I noticed that winter was dropped as a stopword. Checking the Jockers list, I see that the other seasons are there too. I want to leave seasons as they are potentially associated with key topics. Also, removing here, there and home. Checked the whole list and added quite a few words that seem inappropriate as stopwords for this study.

In [212]:
x = ['winter', 
     'spring', 
     'summer', 
     'autumn',  
     'home', 
     'fairy', 
     'faith', 
     'forest', 
     'brook', 
     'gala', 
     'gay', 
     'hunter', 
     'ivy',
     'jewel',
     #'love', keeping out love because of it being a sign-off convention
     'maple',
     'pages',
     'page',
     'research',
     'son',
     'star',
     'stormy',
     'sun',
     'sunny',
     'sunshine',
     'temple',
     'together',
     'velvet',
     'blossom']
stop_words = [s for s in stop_words if s not in x]
len(stop_words)

5669

In [213]:
# Put in alphabetical order
stop_words.sort() 

In [214]:
# Re-remove Stop Words
data_words_nostops = remove_stopwords(data_words)

# What are the most common words?
counts = Counter(x for sublist in data_words_nostops for x in sublist)
Counter(counts).most_common(1000)

[('time', 1061),
 ('letter', 955),
 ('little', 908),
 ('day', 771),
 ('country', 734),
 ('home', 695),
 ('write', 655),
 ('old', 579),
 ('hear', 549),
 ('give', 517),
 ('send', 469),
 ('place', 456),
 ('kind', 454),
 ('work', 454),
 ('week', 446),
 ('house', 446),
 ('take', 434),
 ('children', 427),
 ('came', 419),
 ('years', 410),
 ('land', 408),
 ('wish', 406),
 ('quite', 403),
 ('days', 390),
 ('family', 382),
 ('mother', 378),
 ('poor', 375),
 ('going', 370),
 ('year', 366),
 ('feel', 362),
 ('people', 359),
 ('health', 348),
 ('brother', 345),
 ('friends', 337),
 ('father', 337),
 ('find', 332),
 ('winter', 330),
 ('present', 316),
 ('god', 315),
 ('sister', 314),
 ('money', 304),
 ('sent', 303),
 ('received', 294),
 ('pounds', 287),
 ('glad', 280),
 ('friend', 280),
 ('dollars', 272),
 ('letters', 270),
 ('able', 269),
 ('life', 269),
 ('summer', 267),
 ('heard', 263),
 ('night', 262),
 ('wrote', 260),
 ('fine', 256),
 ('happy', 252),
 ('saw', 247),
 ('having', 242),
 ('says', 24

In [215]:
len(Counter(counts))

15654

## Bigrams & Lemmatization

In [217]:
# See results of bigrams function
bigrams = [] # Create list
for item in data_words_nostops: # For each item (i.e., letter) in data words
    bigrams.append([b for b in bigram[item] if b.count('_') == 1]) # add 2-grams to new list
bigrams = list(np.concatenate(bigrams)) # flatten list
bigrams = list(dict.fromkeys(bigrams)) # take unique values
print(sorted(bigrams)) # print in alphabetical order

['days_ago', 'glad_hear', 'god_bless', 'indian_corn', 'short_time', 'sorry_hear', 'thank_god', 'weeks_ago', 'welcome_letter', 'years_ago']
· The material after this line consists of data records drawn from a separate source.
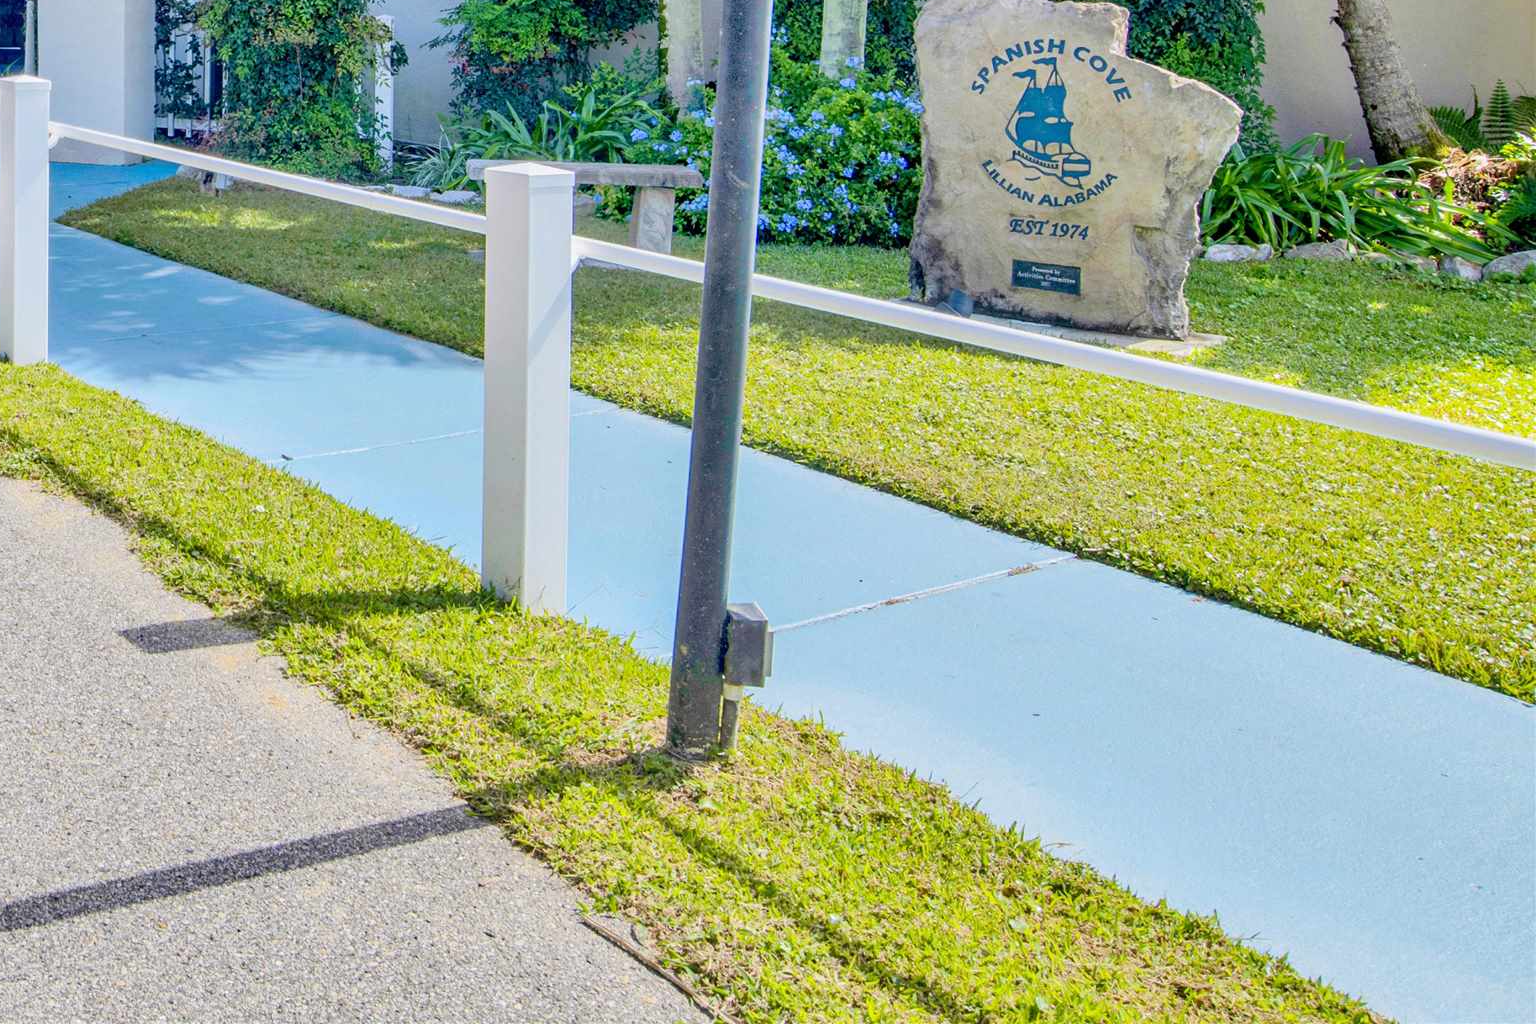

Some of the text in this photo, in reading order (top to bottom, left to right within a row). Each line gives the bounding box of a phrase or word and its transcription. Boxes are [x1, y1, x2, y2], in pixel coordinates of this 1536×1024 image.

[971, 38, 1132, 103] SPANISH COVE
[981, 159, 1119, 207] LILLIAN ALABAMA
[1009, 218, 1089, 240] EST 1974
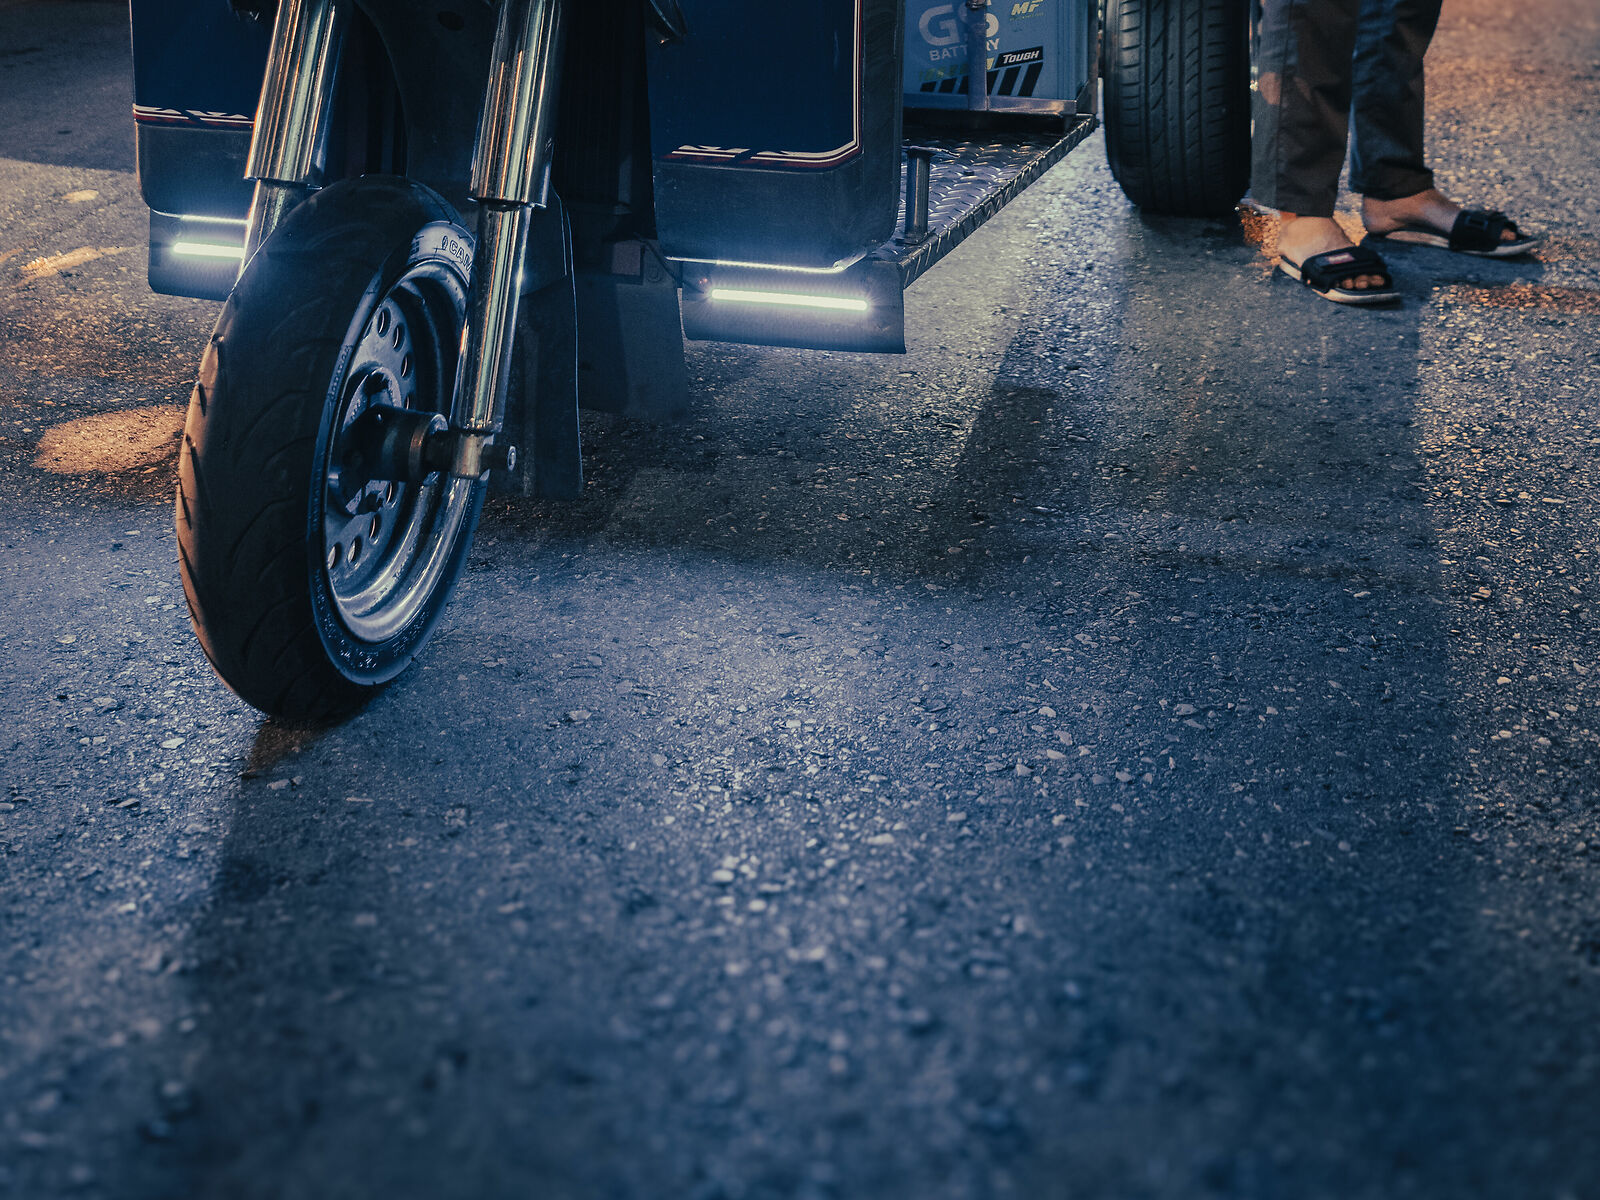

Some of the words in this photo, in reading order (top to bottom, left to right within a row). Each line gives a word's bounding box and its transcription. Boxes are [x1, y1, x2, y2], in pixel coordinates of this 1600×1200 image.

[1010, 0, 1044, 16] MF
[929, 38, 1001, 62] BATTRY
[1002, 50, 1040, 64] TOUGH
The bigrams function was overactive at min=5, threshold=100. I tweeked this and settled on min=25 (to bring into the most frequent word list) and no threshold setting (so that it would default to 10). 

In [218]:
# Form Bigrams
data_words_bigrams = make_bigrams(data_words_nostops)

# Form Trigrams
# data_words_trigrams = make_trigrams(data_words_nostops)

In [219]:
# Do lemmatization keeping only nouns
data_lemmatizedNouns = lemmatization(data_words_bigrams, allowed_postags=['NOUN'])
#print(data_lemmatizedNouns[:1])

In [220]:
counts = Counter(x for sublist in data_lemmatizedNouns for x in sublist)
len(Counter(counts))

6505

In [221]:
# Do lemmatization keeping only verbs
#data_lemmatizedVerbs = lemmatization(data_words_bigrams, allowed_postags=['VERB'])
#print(data_lemmatizedVerbs[:1])

In [222]:
#counts = Counter(x for sublist in data_lemmatizedVerbs for x in sublist)
#len(Counter(counts))

In [223]:
# Do lemmatization keeping only noun, verb
data_lemmatized = lemmatization(data_words_bigrams, allowed_postags=['NOUN', 'VERB'])
#print(data_lemmatized[:1])

In [224]:
counts = Counter(x for sublist in data_lemmatized for x in sublist)
len(Counter(counts))

7834

## Saving work

In [225]:
with open("20240608_PhD_LtrLem-N.txt", "wb") as fp:   #Pickling
    pickle.dump(data_lemmatizedNouns, fp)

#with open("20240608_PhD_LtrLem-V.txt", "wb") as fp:   #Pickling
    #pickle.dump(data_lemmatizedVerbs, fp)

with open("20240608_PhD_LtrLem-NV.txt", "wb") as fp:   #Pickling
    pickle.dump(data_lemmatized, fp)